(TASK TO CARRY OUT): Set down the data below word for word, and leave the images aside.

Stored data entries
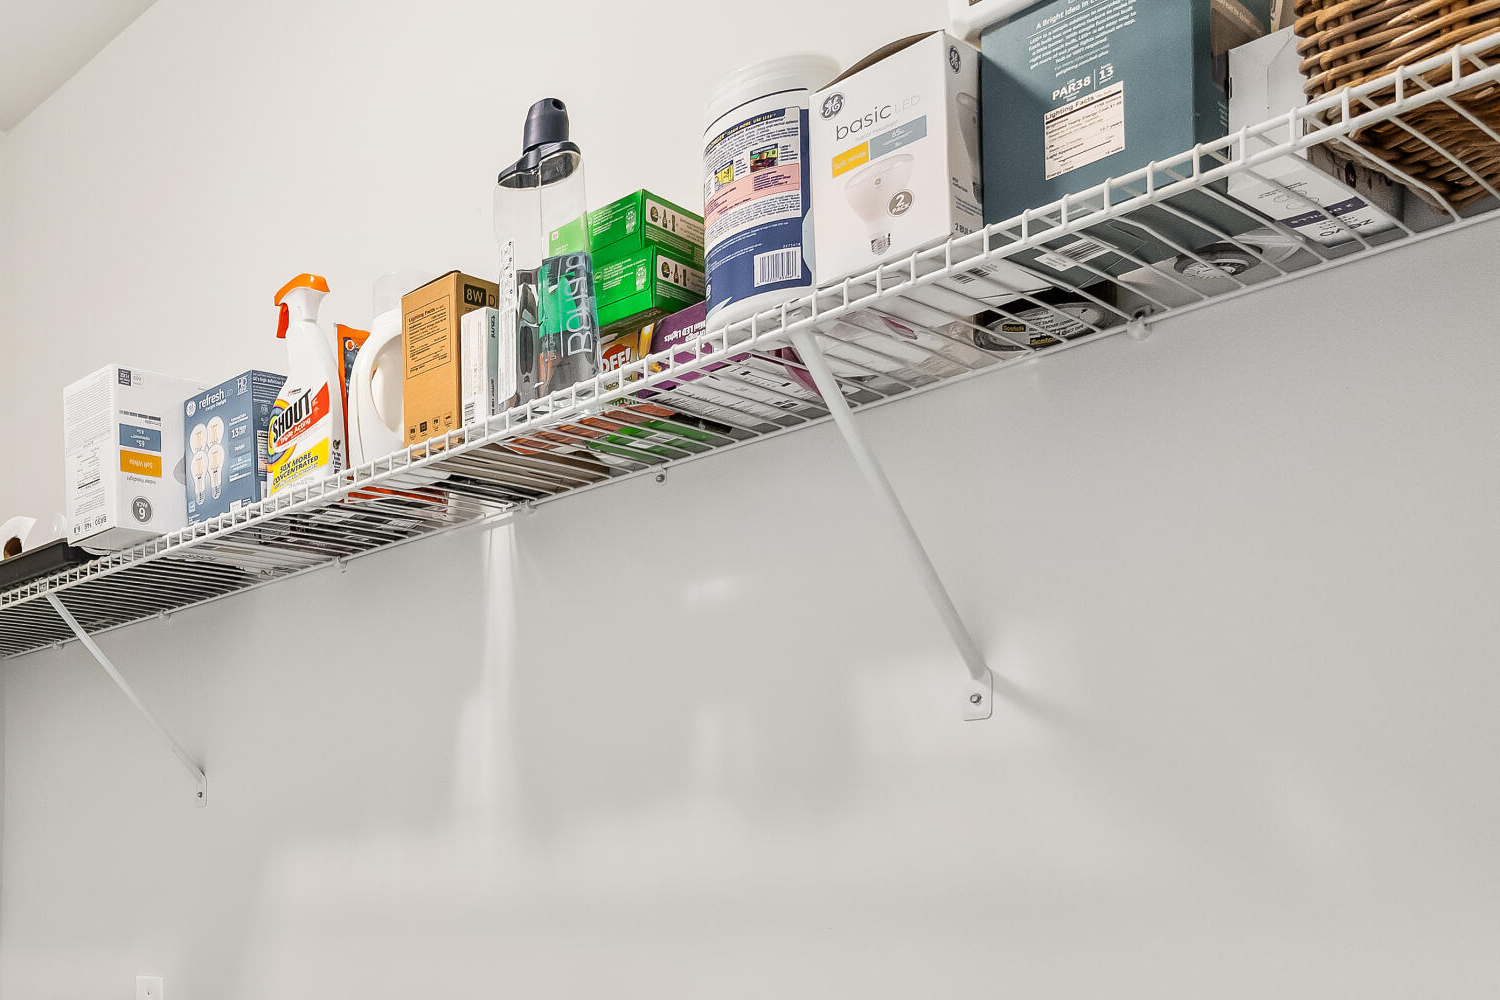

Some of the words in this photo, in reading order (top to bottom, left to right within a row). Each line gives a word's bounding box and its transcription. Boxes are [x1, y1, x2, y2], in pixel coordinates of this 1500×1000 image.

[1042, 14, 1064, 27] Bright
[1065, 6, 1080, 16] Idea
[1053, 76, 1091, 100] PAR38
[1099, 66, 1114, 80] 13
[1046, 105, 1074, 121] Lighting
[1076, 96, 1094, 107] Facts
[836, 105, 892, 141] basic
[894, 94, 921, 114] LED
[895, 195, 905, 207] 2
[892, 204, 910, 215] PACK
[955, 223, 959, 231] 2
[467, 289, 483, 303] 8W
[409, 310, 424, 323] Lighting
[424, 307, 436, 316] Facts
[664, 330, 682, 342] Lights
[682, 325, 694, 336] LED
[199, 388, 224, 410] refresh
[272, 388, 312, 444] SHOUT
[232, 428, 239, 439] 13
[280, 430, 294, 444] Triple
[294, 418, 311, 433] Acting
[129, 458, 143, 467] White
[143, 461, 153, 469] Soft
[292, 452, 312, 468] MORE
[273, 455, 319, 485] CONCENTRATED
[136, 501, 149, 509] PACK
[138, 507, 146, 520] 6
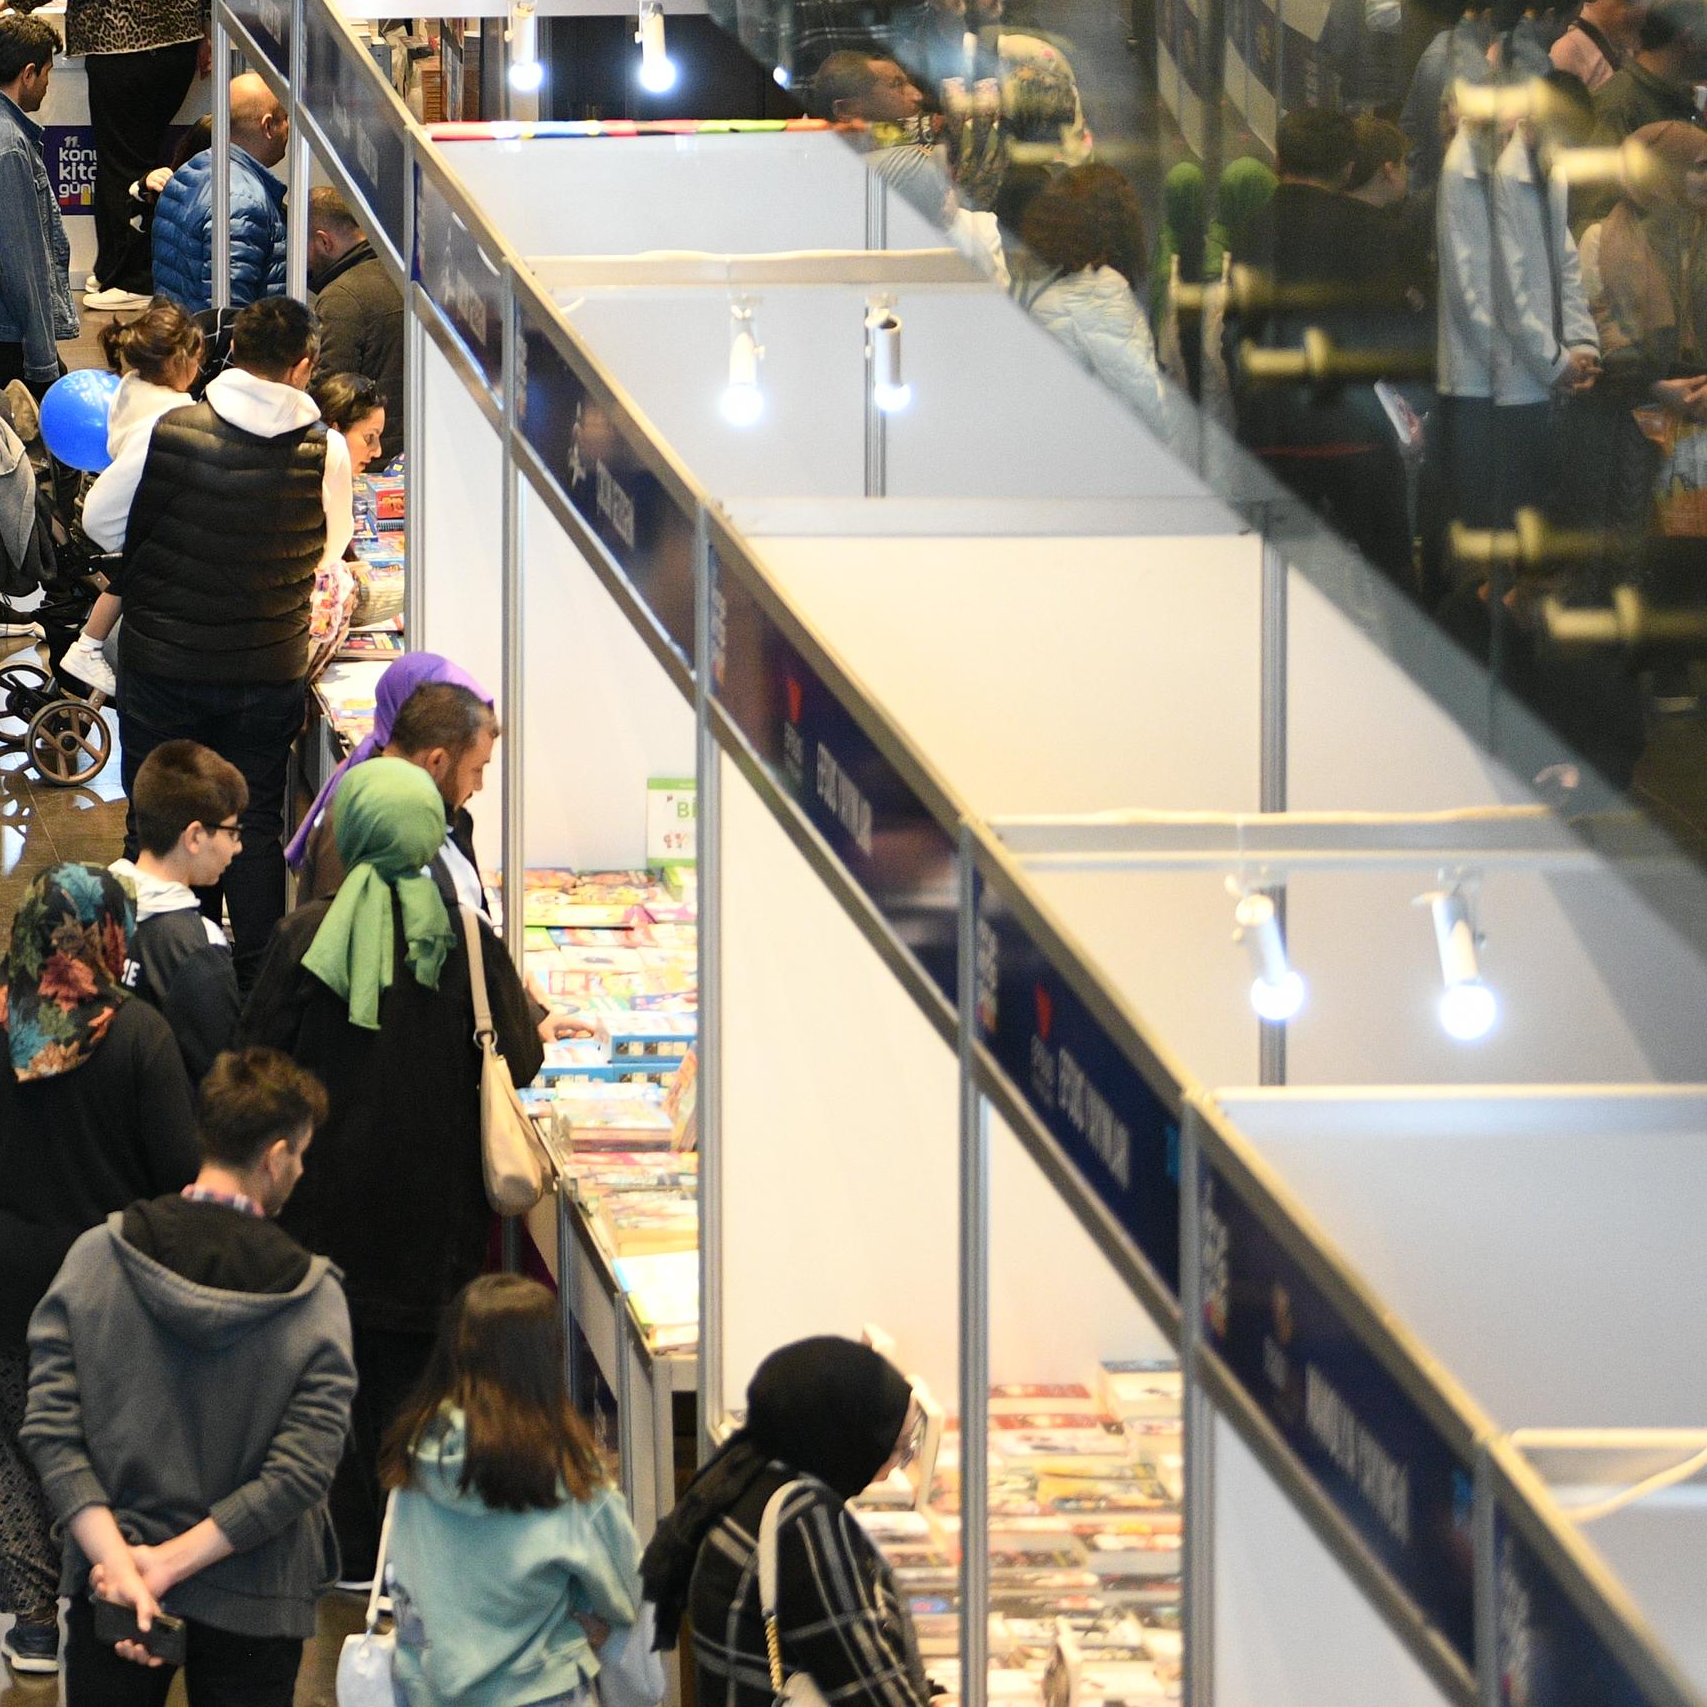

(EXPECTED OUTPUT):
Some of the words in this photo, in reading order (top to bottom, left to right within a row). Each line gives a word's bounding box and its transcription. Boxes are [x1, y1, x2, y2], in pixel coordinates of this 1500×1000 image.

[1042, 14, 1064, 27] Bright
[1065, 6, 1080, 16] Idea
[1053, 76, 1091, 100] PAR38
[1099, 66, 1114, 80] 13
[1046, 105, 1074, 121] Lighting
[1076, 96, 1094, 107] Facts
[836, 105, 892, 141] basic
[894, 94, 921, 114] LED
[895, 195, 905, 207] 2
[892, 204, 910, 215] PACK
[955, 223, 959, 231] 2
[467, 289, 483, 303] 8W
[409, 310, 424, 323] Lighting
[424, 307, 436, 316] Facts
[664, 330, 682, 342] Lights
[682, 325, 694, 336] LED
[199, 388, 224, 410] refresh
[272, 388, 312, 444] SHOUT
[232, 428, 239, 439] 13
[280, 430, 294, 444] Triple
[294, 418, 311, 433] Acting
[129, 458, 143, 467] White
[143, 461, 153, 469] Soft
[292, 452, 312, 468] MORE
[273, 455, 319, 485] CONCENTRATED
[136, 501, 149, 509] PACK
[138, 507, 146, 520] 6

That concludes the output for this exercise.